Felipe Lessa
On Mon, Jul 5, 2010 at 6:12 AM, Ertugrul Soeylemez
wrote: Felipe Lessa
wrote: On Sat, Jul 3, 2010 at 9:25 AM, Ertugrul Soeylemez
wrote: Haskell provides a lot of low level glue like laziness, currying and other very helpful language features. But what is different in Haskell is that it doesn't seem to provide any high level glue like other languages do, especially when it comes to the IO world. There is a somewhat powerful module system, but nothing to bring modules and the objects they define together in a consistent way.

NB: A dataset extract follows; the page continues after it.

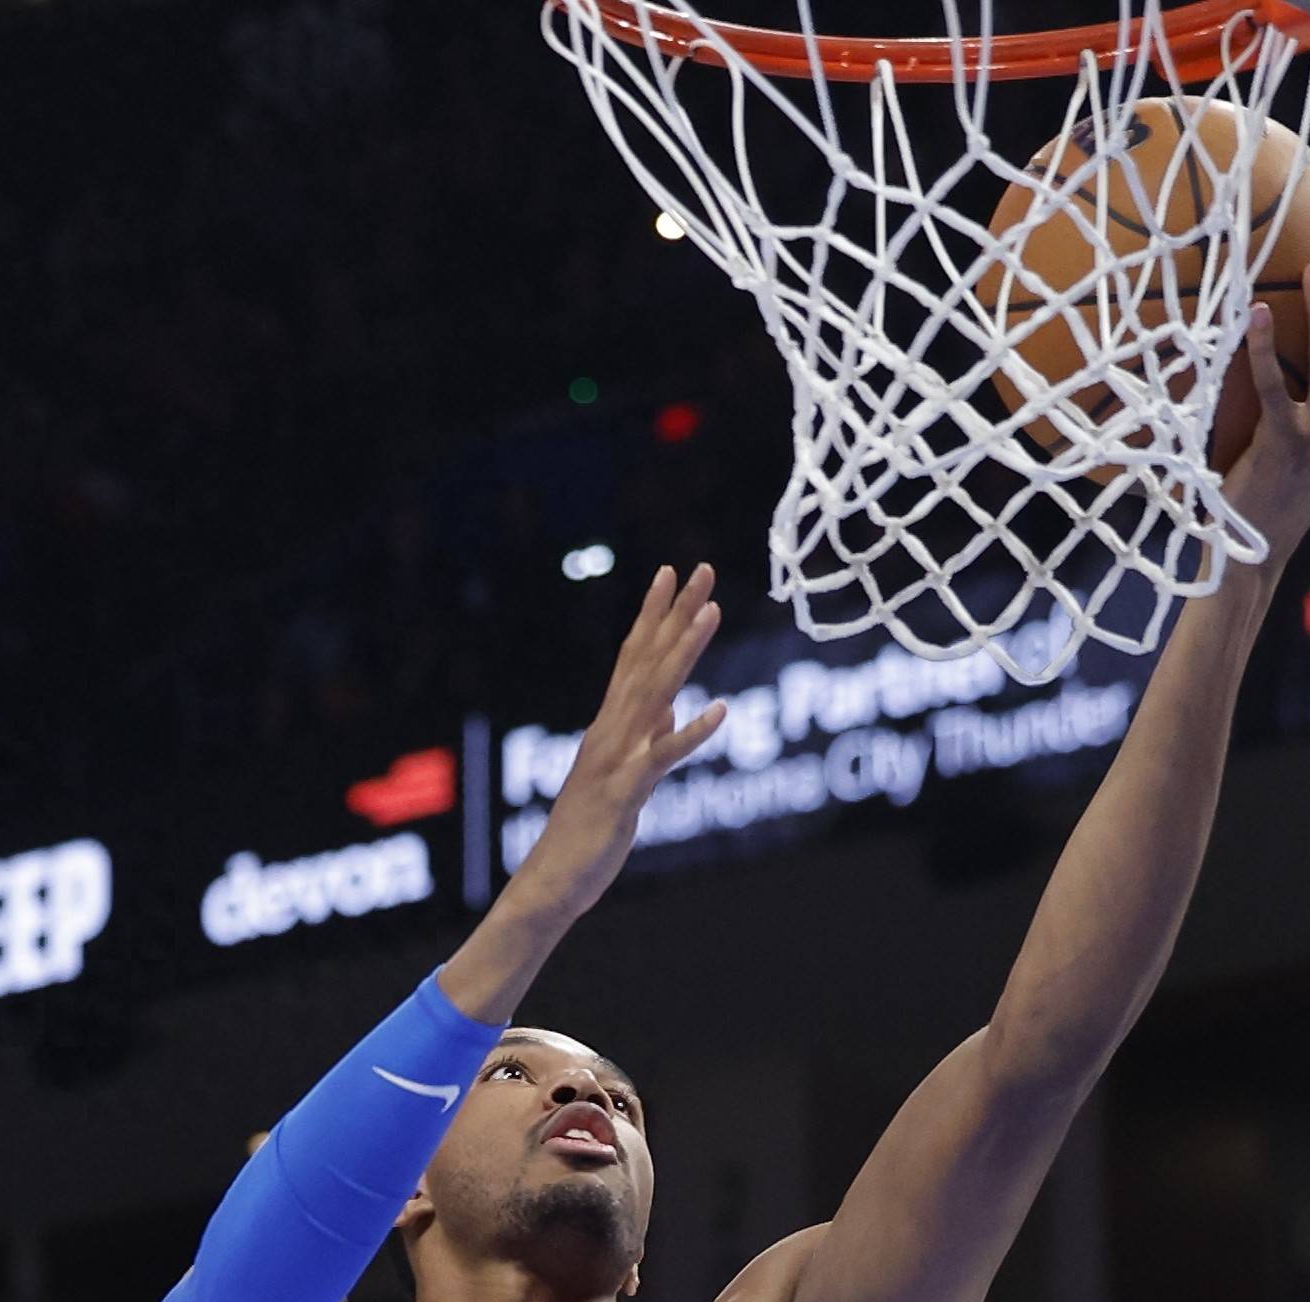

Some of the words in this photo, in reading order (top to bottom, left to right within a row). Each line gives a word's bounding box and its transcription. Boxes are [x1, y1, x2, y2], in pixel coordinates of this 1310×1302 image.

[824, 726, 932, 806] City
[931, 682, 1136, 778] Thunder
[201, 828, 433, 946] devon

When I first read this paragraph, I thought: "STM to the rescue!". STM is one of the best concurrent world glues, IMHO.
I found that I get along with the basic concurrency constructs. STM may be handy in a few applications, but in none that I write.
STM has the same basic concurrency constructs, but they are safe to use. MVars and everything derived from them have tricky semantics that can fail in catastrofic ways. Neil Mitchell was recently trying to find a subtle bug in his code because of MVars and Chans.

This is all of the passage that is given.